No, THEY wanted coverage too
Another day, another broker getting sued for an omission.
This time it happens to be the largest holding company of pubs in the United Kingdom vs. the largest broker in the world.
At issue is a business interruption loss that Stonegate Group’s subsidiary companies sustained during the pandemic of 2020…but couldn’t recover because they weren’t named on the policy.
As many of us remember, 2020 was a year full of unplanned shutdowns due to COVID. By March the Prime Minister announced that pubs, bars and restaurants were to be shut down. These establishments were not permitted to reopen until July.

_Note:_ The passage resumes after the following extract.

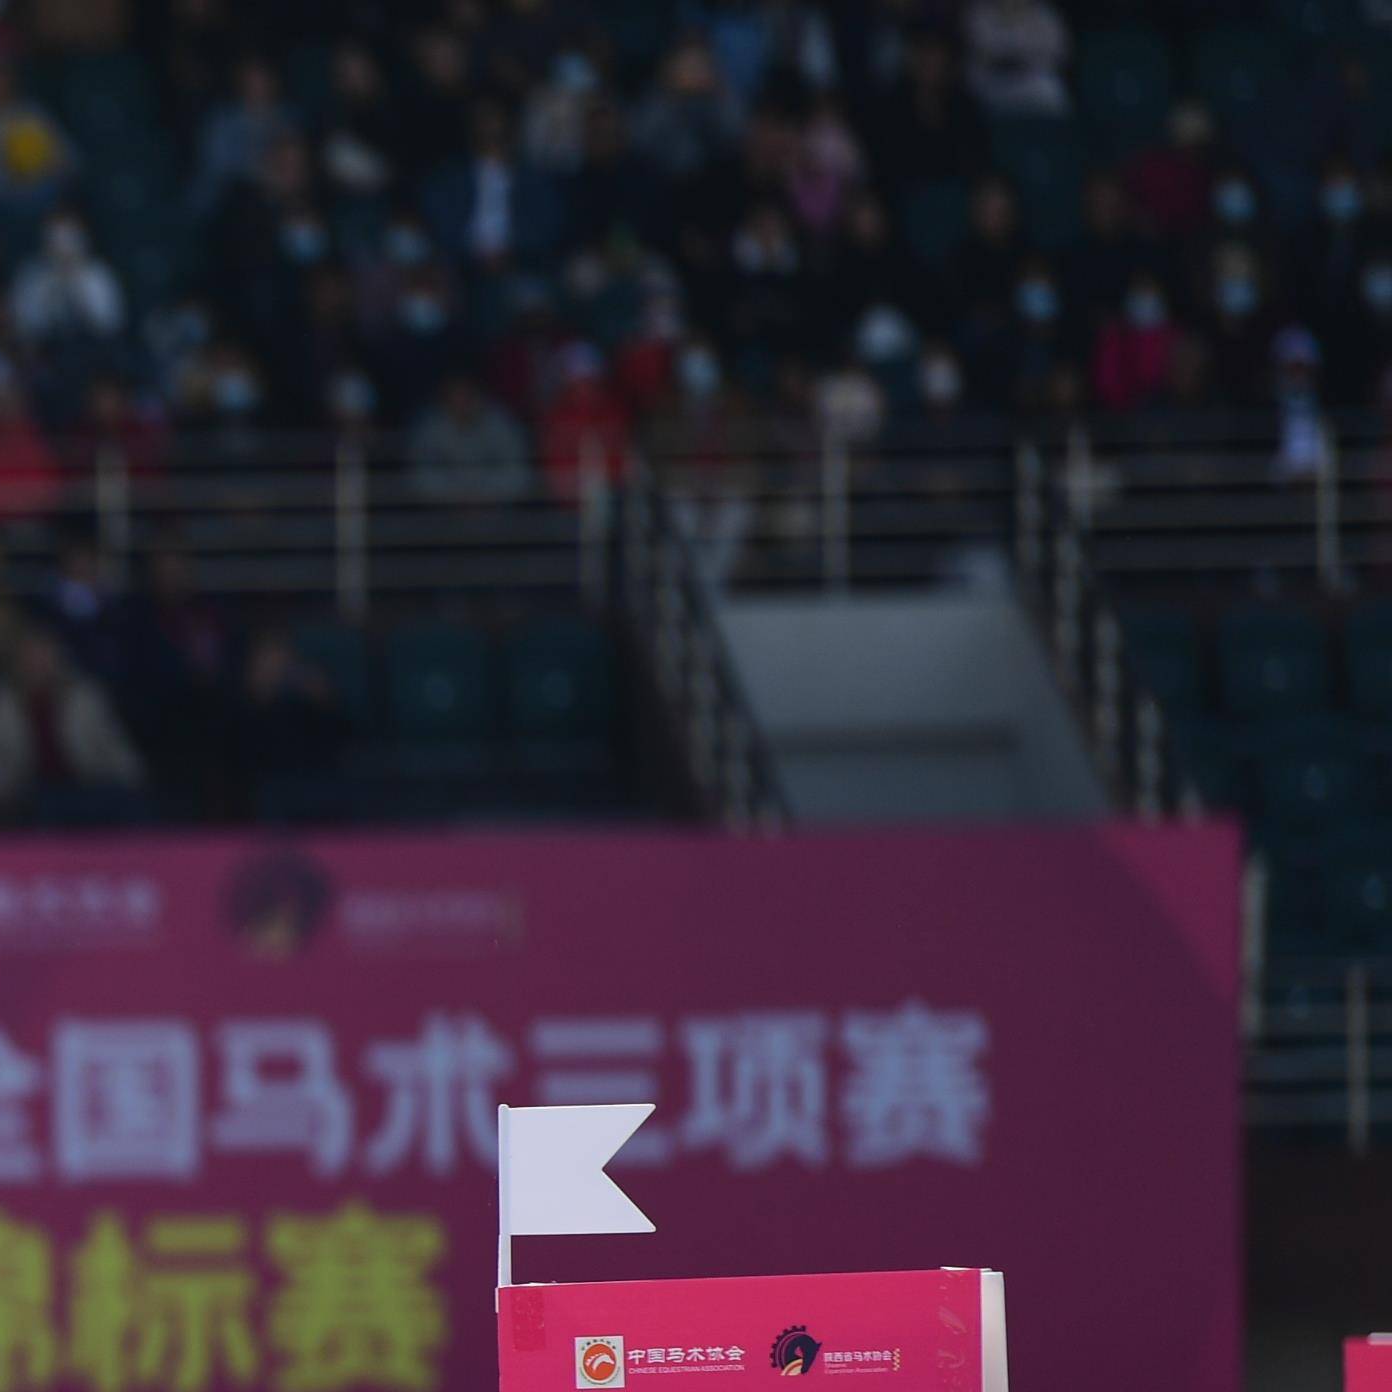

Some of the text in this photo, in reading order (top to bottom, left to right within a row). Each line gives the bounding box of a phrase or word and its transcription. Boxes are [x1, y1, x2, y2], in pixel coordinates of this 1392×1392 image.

[628, 1345, 746, 1366] 中国马术协会

The linked article is worth reading, but the irony of this whole debacle is that the group HAD business interruption coverage. The one entity that was named on the policy, Stonegate Pub Company Limited, recovered through a confidential settlement with insurers. But for some reason the phrase “and its Subsidiary Companies” was left off the named insured. The parent entity had coverage. The companies that actually operated 4,500+ pubs, bars, and restaurants across the UK? Left out in the cold.

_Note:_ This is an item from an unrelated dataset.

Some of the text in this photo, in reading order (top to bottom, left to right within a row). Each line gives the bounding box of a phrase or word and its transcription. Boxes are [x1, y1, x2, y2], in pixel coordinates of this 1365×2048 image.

According to the pleadings filed so far, no apparent explanation has emerged as to why this critical language was omitted. What makes this even more excruciating from the insured’s perspective is that the broker’s own marketing documents showed the proposed insured as “Stonegate Pub Company Limited and its Subsidiary Companies.” The right answer was on paper. It just never made it onto the policy.

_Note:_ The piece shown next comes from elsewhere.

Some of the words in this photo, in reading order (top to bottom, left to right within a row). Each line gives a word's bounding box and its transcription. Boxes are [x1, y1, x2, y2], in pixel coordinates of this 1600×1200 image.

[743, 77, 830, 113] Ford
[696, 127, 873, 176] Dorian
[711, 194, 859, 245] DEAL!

What makes this really painful for the broker: Marsh fought hard to win this account in a competitive tender in 2018. They didn’t inherit someone else’s mistake. They built their own proposal from scratch. They HAD the named insured right in their Market Taster, and then somewhere between proposal and binding, the subsidiary language disappeared. They had everything right and still got it wrong.
The details matter. Stay bindin’ and grindin’.